The government’s recently refreshed citywide planning document, Plan Melbourne, envisages that the central city will host almost 900,000 jobs by 2050, double the 435,000 central city jobs in 2011. The Plan assumes that 80,000 new residents will live in Fishermans Bend. Its employment precinct is identified as a National Economic and Innovation Cluster by Plan Melbourne and the areas is expected to support the economic growth of Melbourne with 80,000 jobs.
The target of 80,000 residents by 2050, puts Fishermans Bend at a density of 323 people per hectare – just above the densities of the Melbourne CBD and Southbank at 297 and 308 people per hectare respectively.
The framework notes, however, that current planning controls in Fishermans Bend have resulted in densities of 950 people per hectare in the Lorimer area and 1,300 people per hectare in Montague North.
The draft framework for Fishermans Bend lays out the goal of “a diversity of high-quality publicly accessible spaces within new development on large sites, including new squares, gardens and laneways” as well as “encourage a diversity of architectural styles.
The framework states existing controls are focused on tower developments and do not support a diverse range of building typologies.
“Current development controls in Fishermans Bend include maximum height limits and minimum setbacks.
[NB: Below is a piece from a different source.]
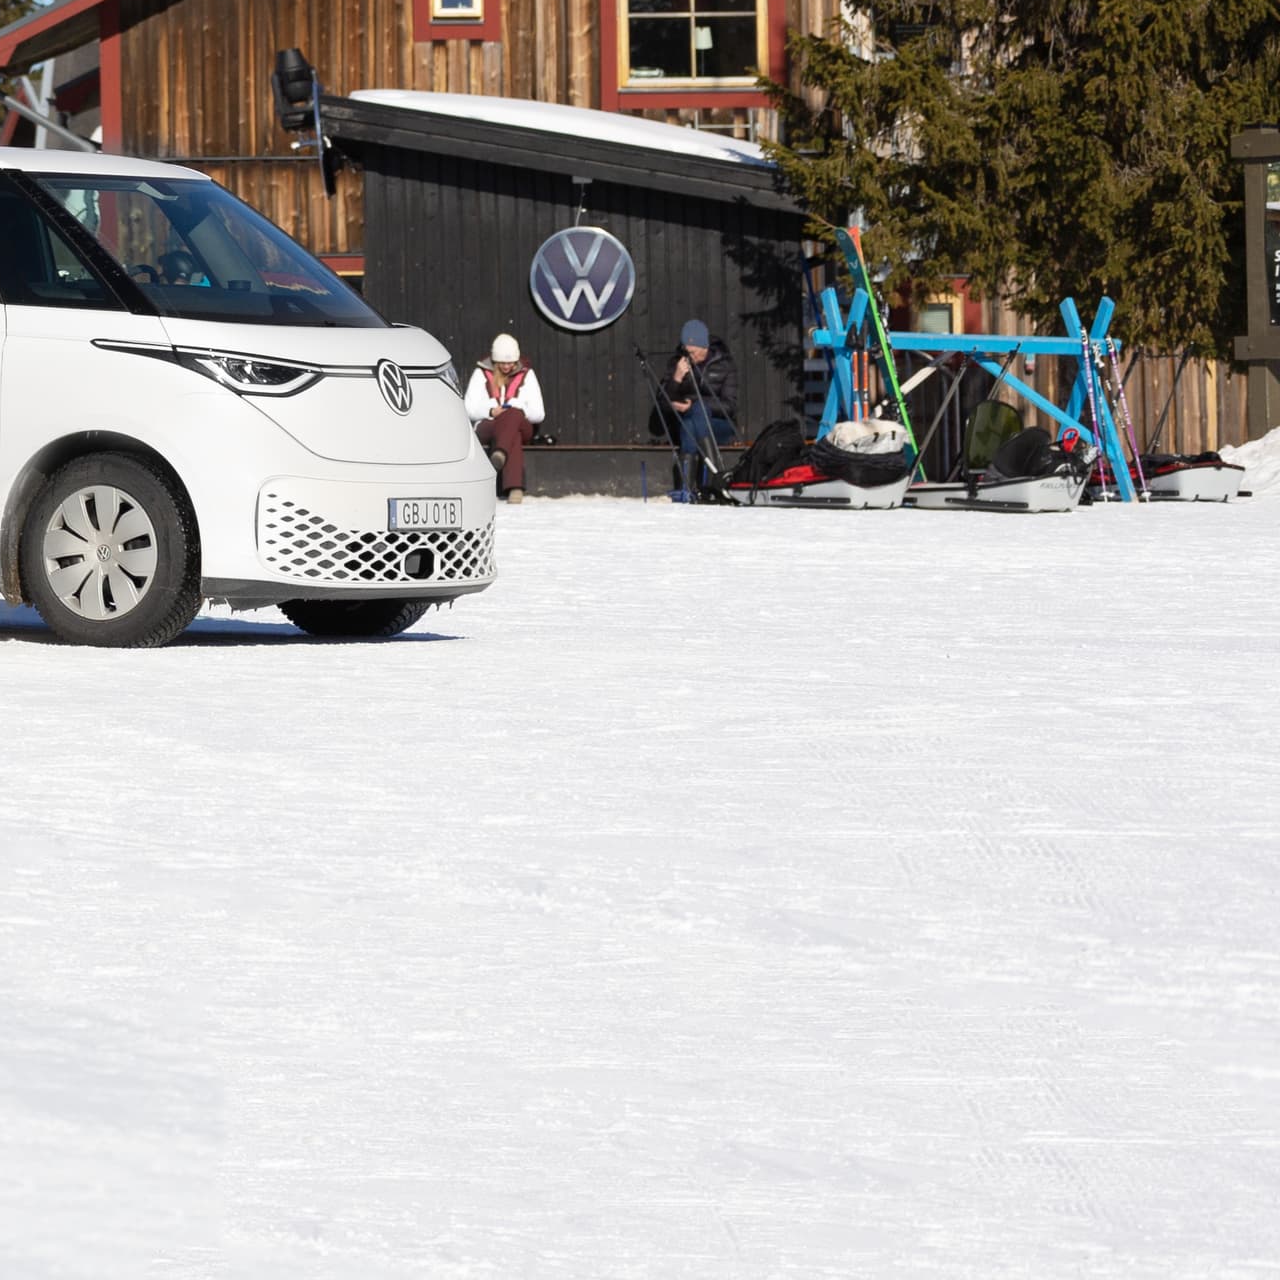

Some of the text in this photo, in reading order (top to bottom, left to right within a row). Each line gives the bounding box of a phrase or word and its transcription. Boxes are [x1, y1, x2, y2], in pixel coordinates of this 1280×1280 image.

[536, 230, 629, 322] VW
[380, 362, 411, 413] VW
[402, 502, 457, 525] GBJ 01B
Height and setback controls create potential built form envelopes on each site that can effectively address amenity outcomes such as privacy, sunlight and daylight access.”
“They do not, however, consider the overall amenity impacts such as overcrowding or congestion that occur if population densities exceed the capacity of the local infrastructure such as streets, open spaces, transport and community infrastructure.”
The framework says the government should “Introduce density and built form controls that support the creation of a clear centre in each precinct and support increased economic activity.”
Among the planning controls that the framework proposes are a Floor Area Ratio and Floor Area Uplift scheme, which would permit addition storeys to proposed buildings if those developers “make a contribution of an agreed public benefit.”
Public benefit is defined as affordable housing, community infrastructure and/or additional public space.
Height controls would also be imposed on the area, with some sites retaining “unlimited” height maximums. Overshadowing controls would be introduced to protect public open space.
A range of multi-functional public open spaces, including parks and civic spaces are included in the framework.
Currently under construction in the Montague area is an 8,000-square-metre public park by Hayball and Tract Consulting.
The framework emphasizes the importance of the proactive inclusion of public transit and transit-oriented development, but doesn’t recommend the investigation of any particular mode or option. The framework does recommend protecting potential underground rail station sites.
The framework notes that only one school, also Hayball and Tract-designed, is planned for the area – South Melbourne Primary School at Ferrars Street, which was announced as Victoria’s first purpose-built vertical school in February 2016. The designs for the school won the World Architecture Festival’s Future Project of the Year award in the same year.
An independent planning review panel has been established to consider and hear submissions on the framework during February 2018.
Once finalized, the planning controls will replace interim controls introduced in 2016.